# WHAT TO WORK ON:
Please give back each entry below unaltered, leaving the pictures out.

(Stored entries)
-- Opening Marker --

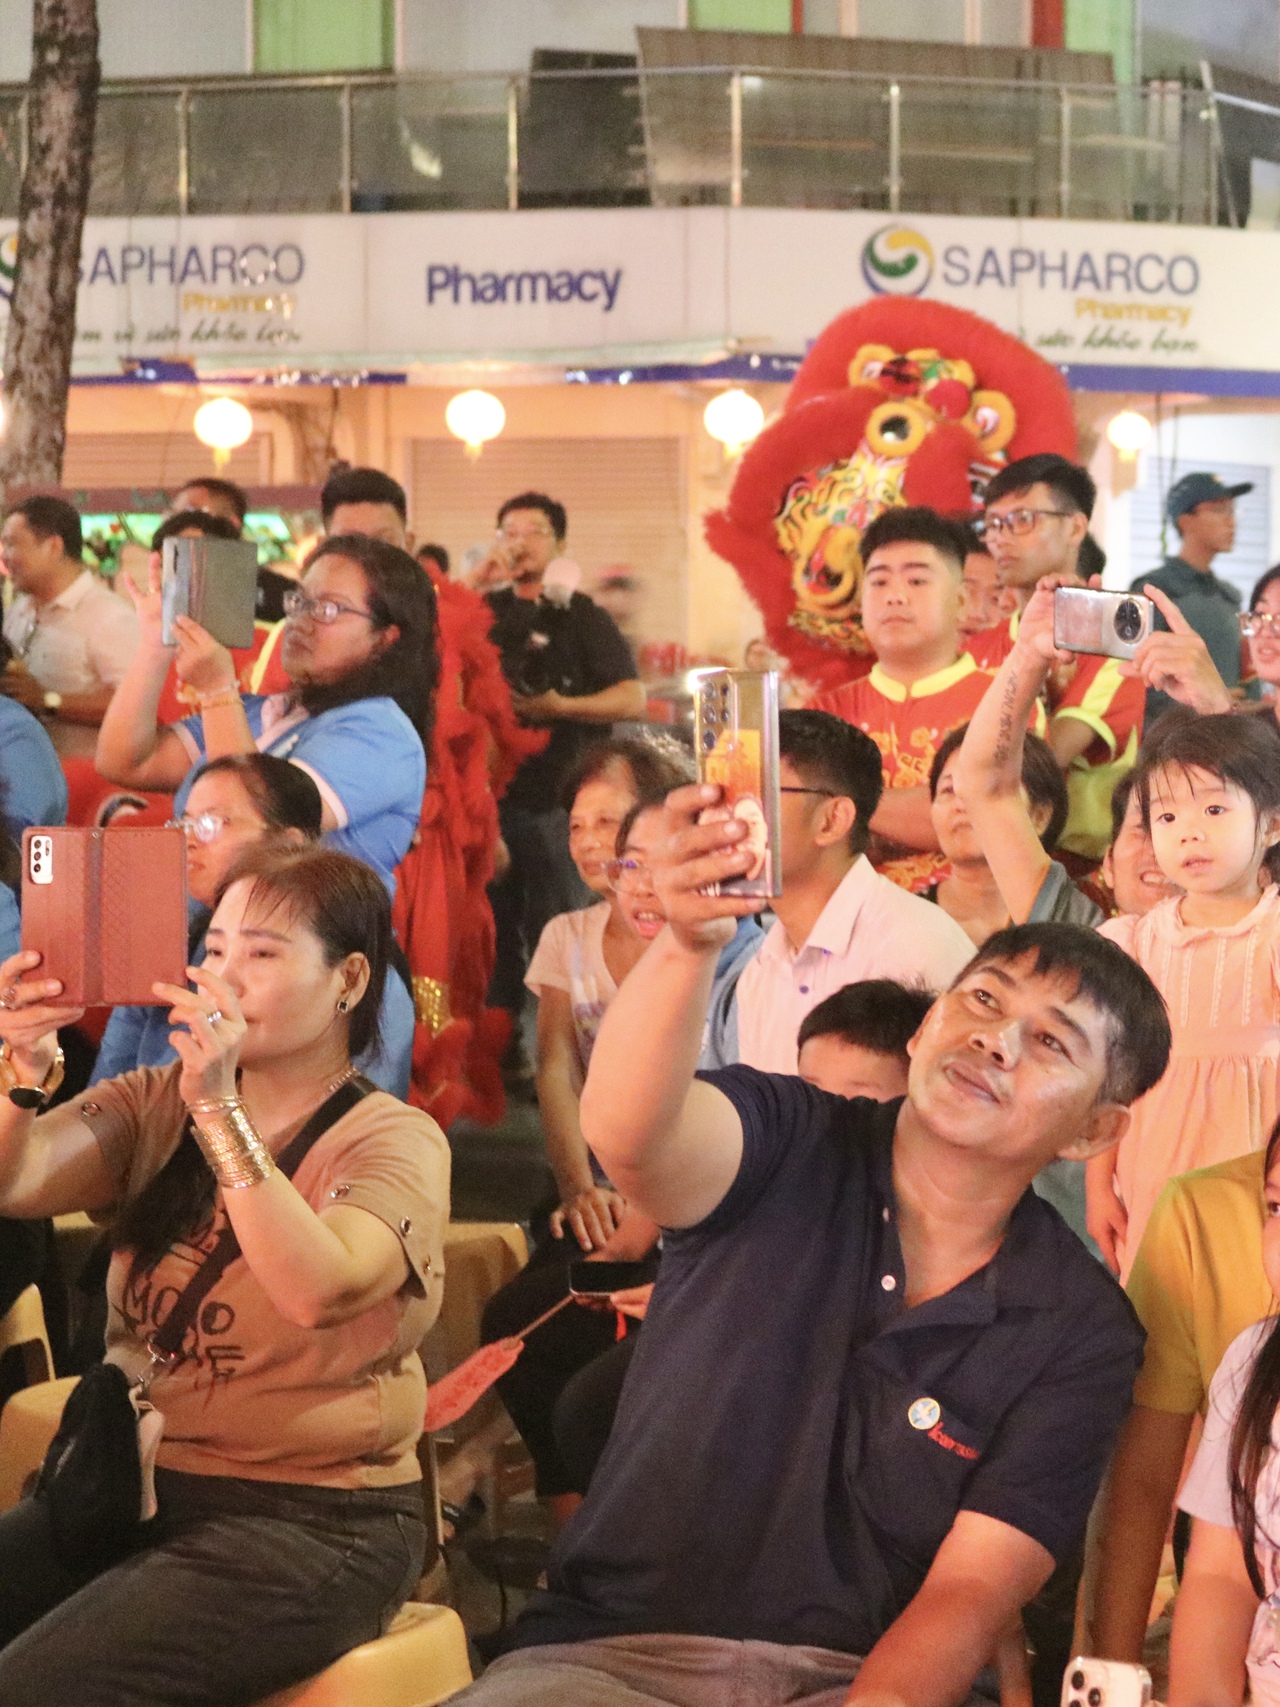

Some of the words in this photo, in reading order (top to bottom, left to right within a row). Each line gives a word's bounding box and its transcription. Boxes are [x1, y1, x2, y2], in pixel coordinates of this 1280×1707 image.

[77, 243, 305, 286] APHARCO
[425, 263, 623, 312] Pharmacy
[942, 244, 1200, 296] SAPHARCO
[1074, 297, 1193, 329] Pharmacy
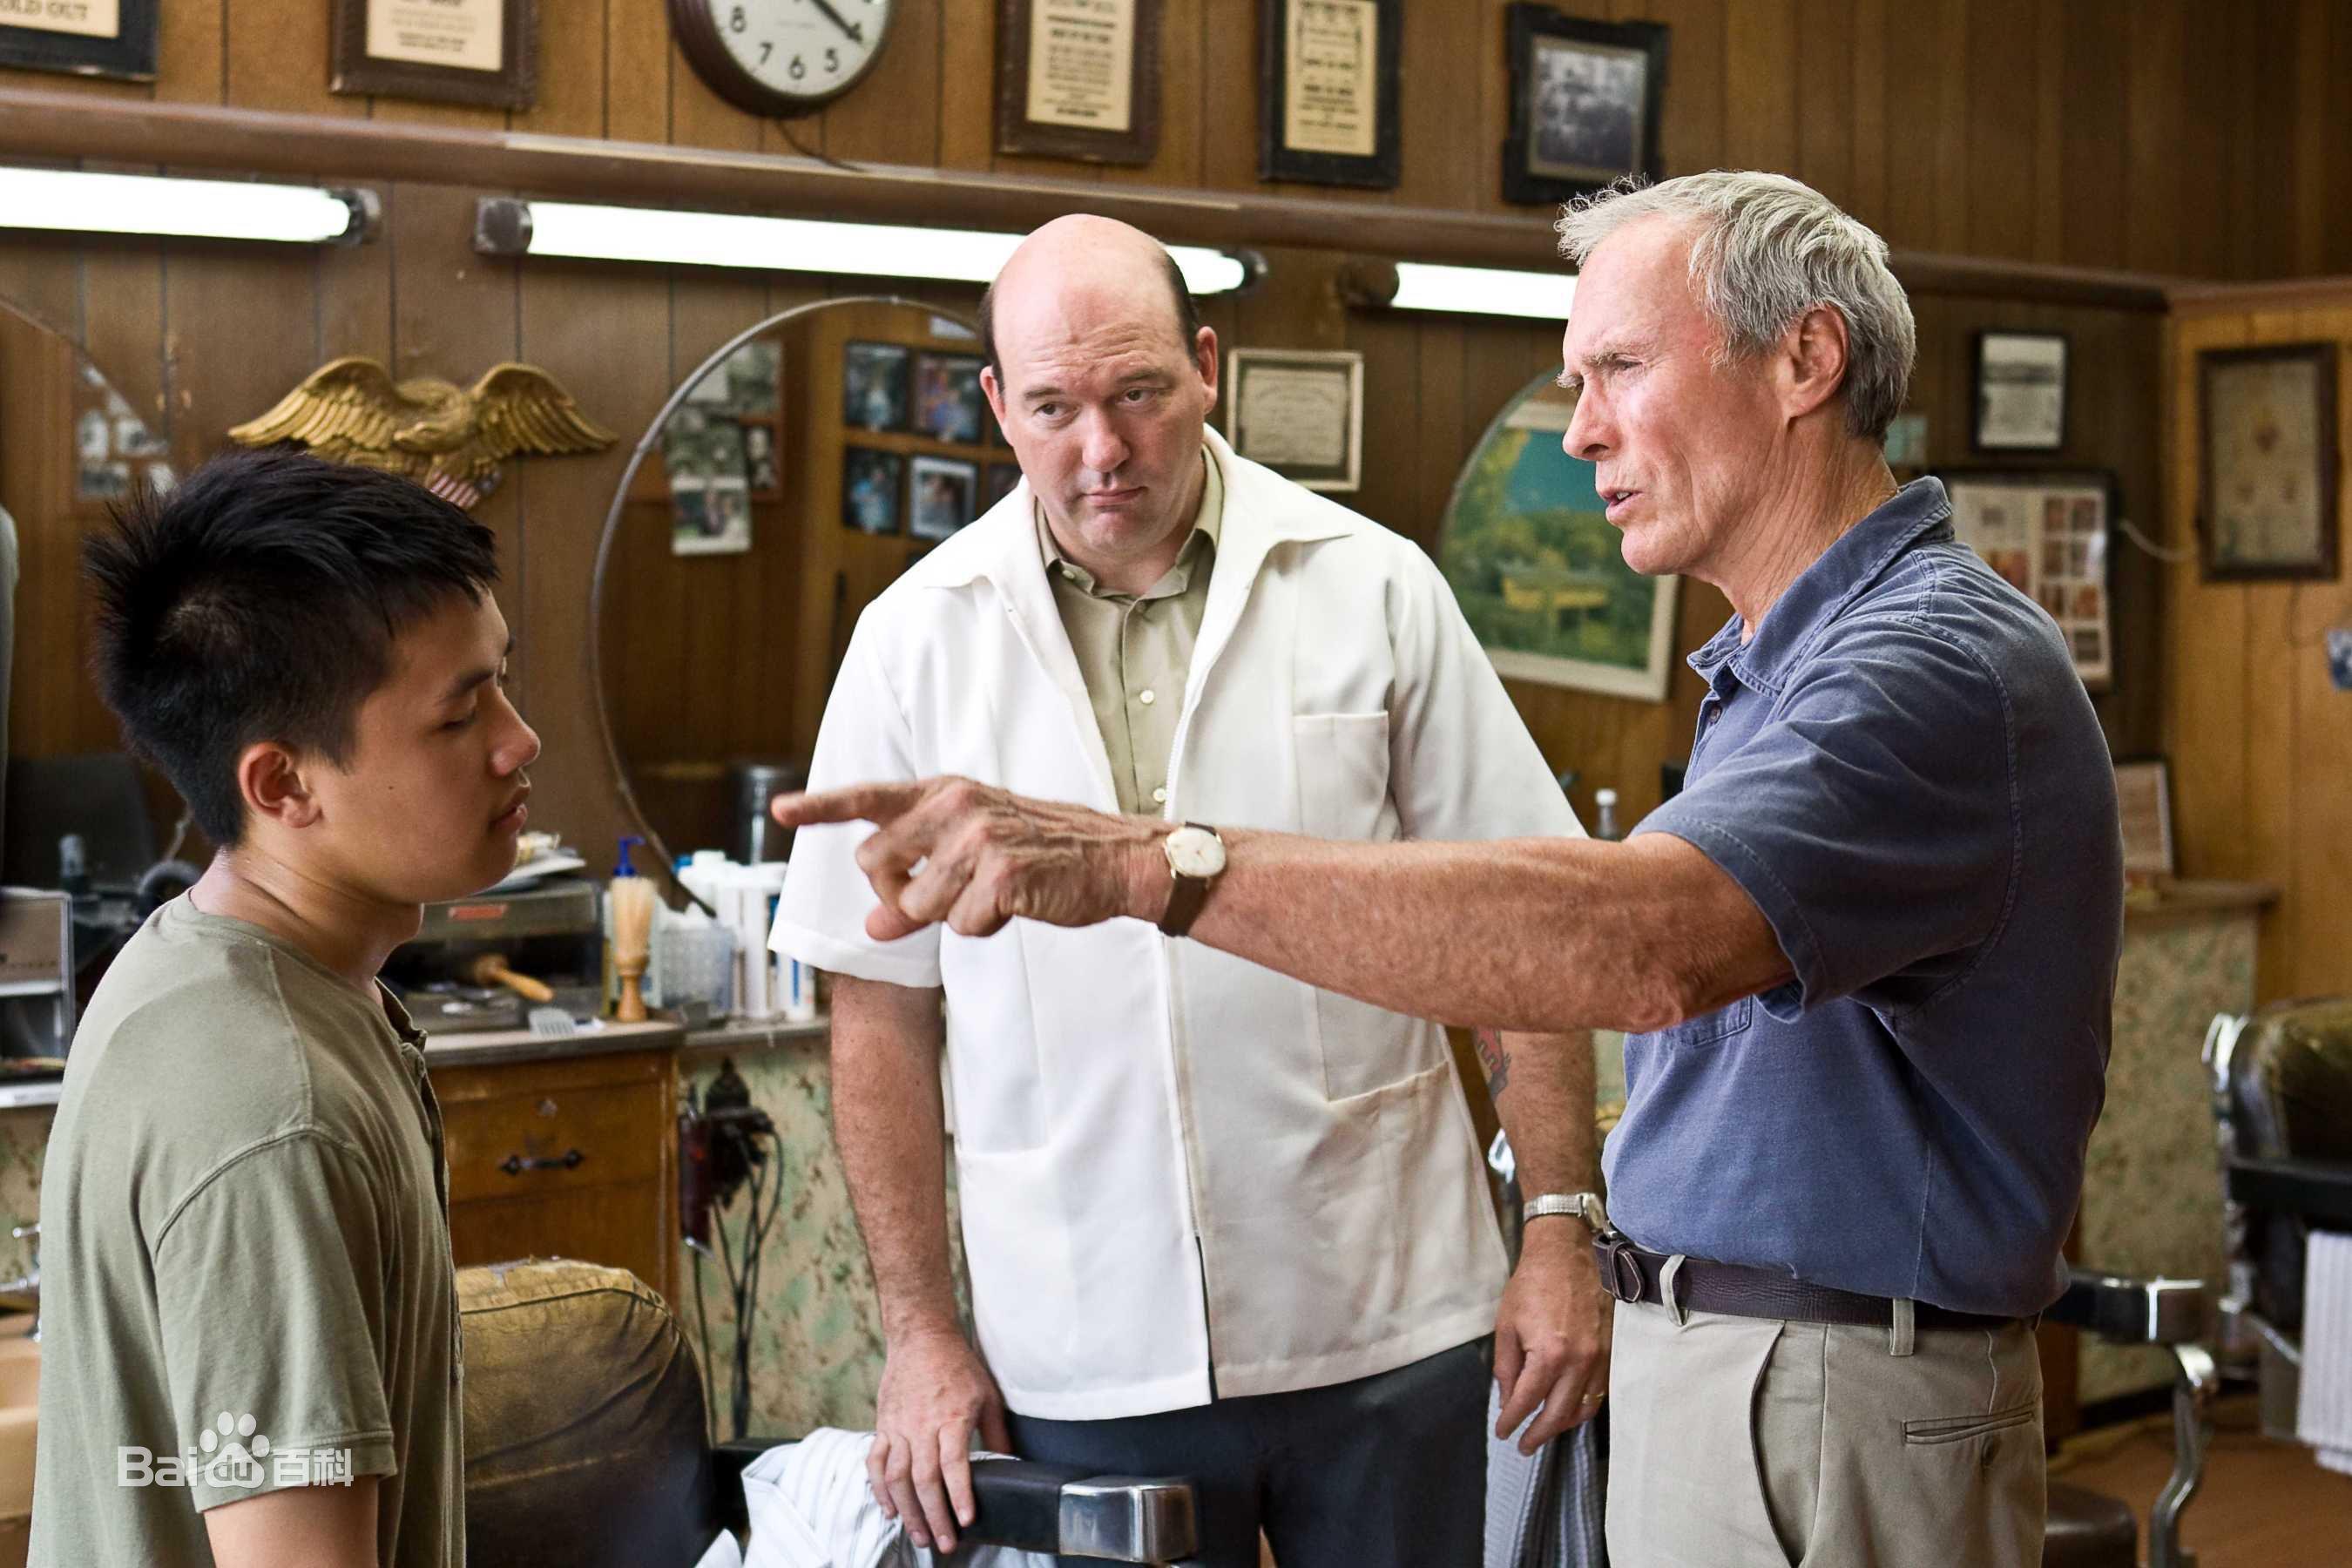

-- Closing Marker --

# SOLUTION TO THIS PROBLEM:
Some of the words in this photo, in reading order (top to bottom, left to right within a row). Each line gives a word's bounding box and its transcription. Boxes are [x1, y1, x2, y2], in pixel coordinates of this 1280×1707 image.

[77, 243, 305, 286] APHARCO
[425, 263, 623, 312] Pharmacy
[942, 244, 1200, 296] SAPHARCO
[1074, 297, 1193, 329] Pharmacy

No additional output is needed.